Он протянул ей журнал и встал, чтобы раздвинуть шторы, заметив, что в комнате все еще было холодно. Пока она читала, он проверял эссе, а затем они весь вечер обсуждали статью, пока не стемнело.

— Уже наступает вечер Самайна, Гермиона, — сказал Дамблдор, указывая на темнеющее небо. — Ты собираешься потренироваться?

«Да, — подумала она. — Да, я сделаю это. Какая ночь может быть еще лучше для сотворения огня?»

— Прямо здесь?

— Нет. Надо выйти наружу. Пойдем.

Он молча повел ее по коридорам и вниз по движущимся лестницам, мимо дверей в Большой зал. Они вышли из замка во двор, прошли мимо команды Пуффендуя по квиддичу, которые возвращались с поздней тренировки (у них всегда было самое плохое время). Гермиона с завистью посмотрела на их плотные зимние мантии, ветер уже пробивался сквозь ее согревающие чары. Кивнув Диггори, она поспешила за Дамблдором, который стремительно удалялся от нее.

Она надеялась, что они не пойдут слишком далеко: празднование Хэллоуина было сразу после позднего ужина, и она поняла, что голодна.

Что, если у нее не получится? Что еще она могла бы совершить здесь, в этом времени? Быть героем всегда было больше в духе Гарри. Она никогда не хотела этого и не приписывала себе. И честно говоря, не считала это слишком разумным или прагматичным.
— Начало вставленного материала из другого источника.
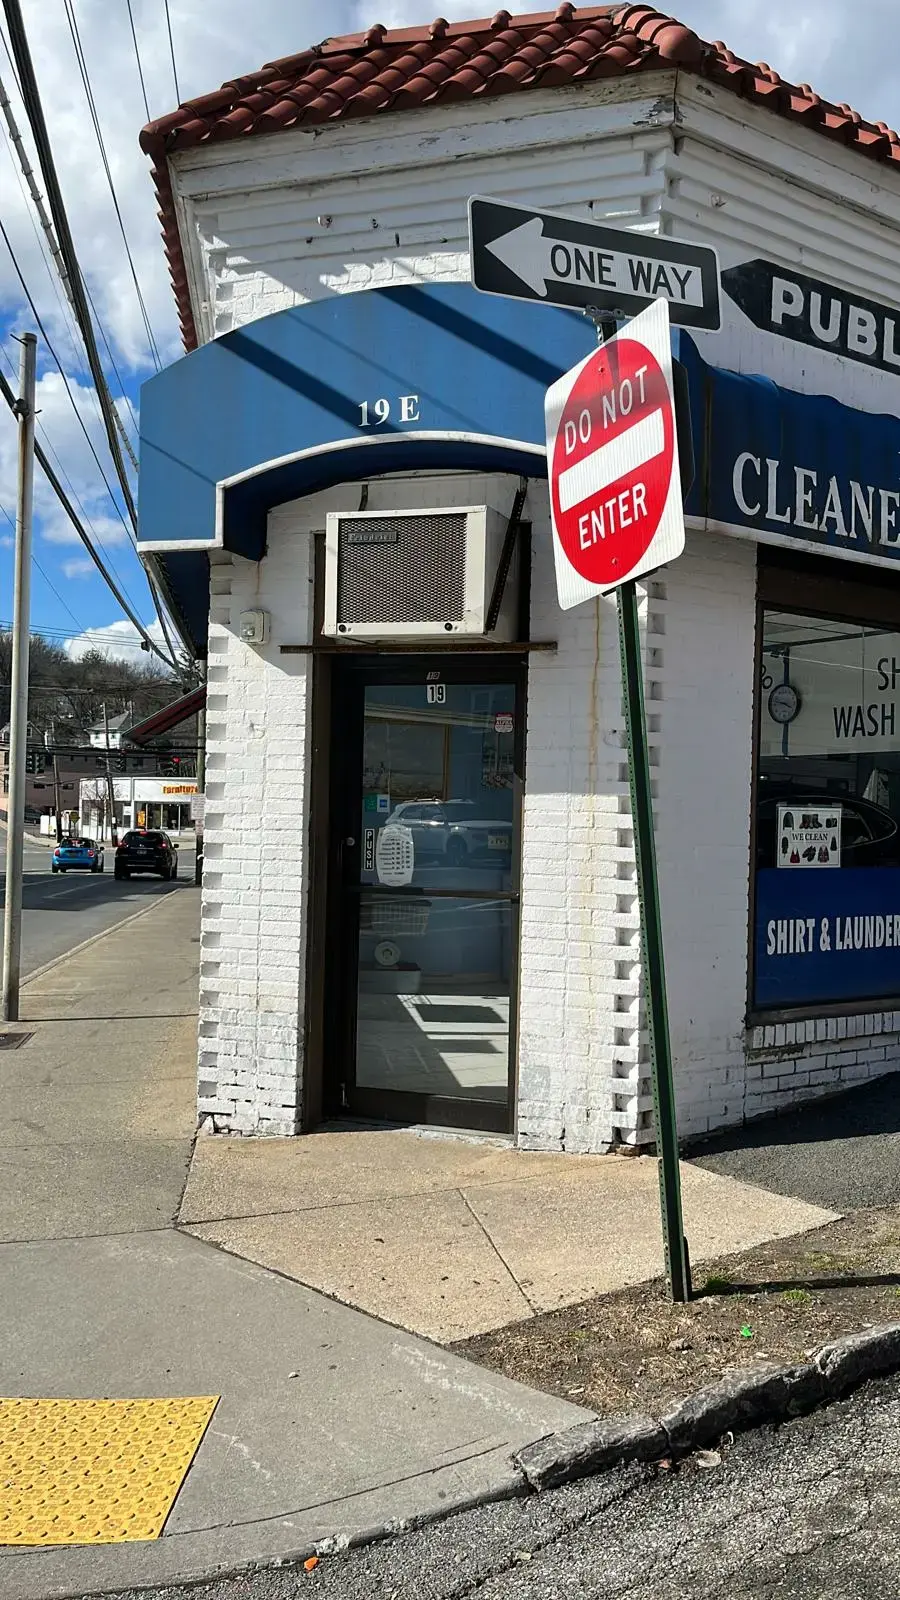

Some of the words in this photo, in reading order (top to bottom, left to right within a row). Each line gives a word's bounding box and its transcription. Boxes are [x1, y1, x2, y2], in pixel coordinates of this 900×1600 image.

[550, 244, 617, 287] ONE
[628, 258, 693, 300] WAY
[772, 278, 900, 365] PUBL
[358, 398, 390, 427] 19
[399, 395, 420, 422] E
[565, 409, 592, 456] DO
[602, 365, 649, 430] NOT
[579, 483, 648, 550] ENTER
[733, 452, 900, 548] CLEANE
[429, 685, 444, 702] 19
[833, 703, 895, 738] WASH
[792, 833, 803, 841] WE
[805, 833, 828, 841] CLEAN
[767, 918, 816, 955] SHIRT
[819, 917, 831, 951] &
И все же, это был Губрайтов огонь. Огонь такой чистый и такой большой, что будет гореть вечно. Или все же получится? Она все еще задумывалась, а может ли огонь действительно гореть вечно, разве у чего-то вечного не наступает конец? Она споткнулась о камень, стряхнув с себя весь этот философский ужас, и обновила согревающие чары.

Они шли все дальше, освещая дорогу волшебной палочкой, следуя по тропинке вдоль леса. Она оглянулась и увидела темные очертания замка на фоне темно-серых облаков, и даже свет из окон не делал его уютным или дружелюбным в это время. Они незаметно подошли к вершине небольшого утеса, а затем спустились вниз.

Наконец Дамблдор остановился в небольшой лощине с ручьем, бегущим вниз к озеру, примерно в получасе ходьбы от Хогвартса.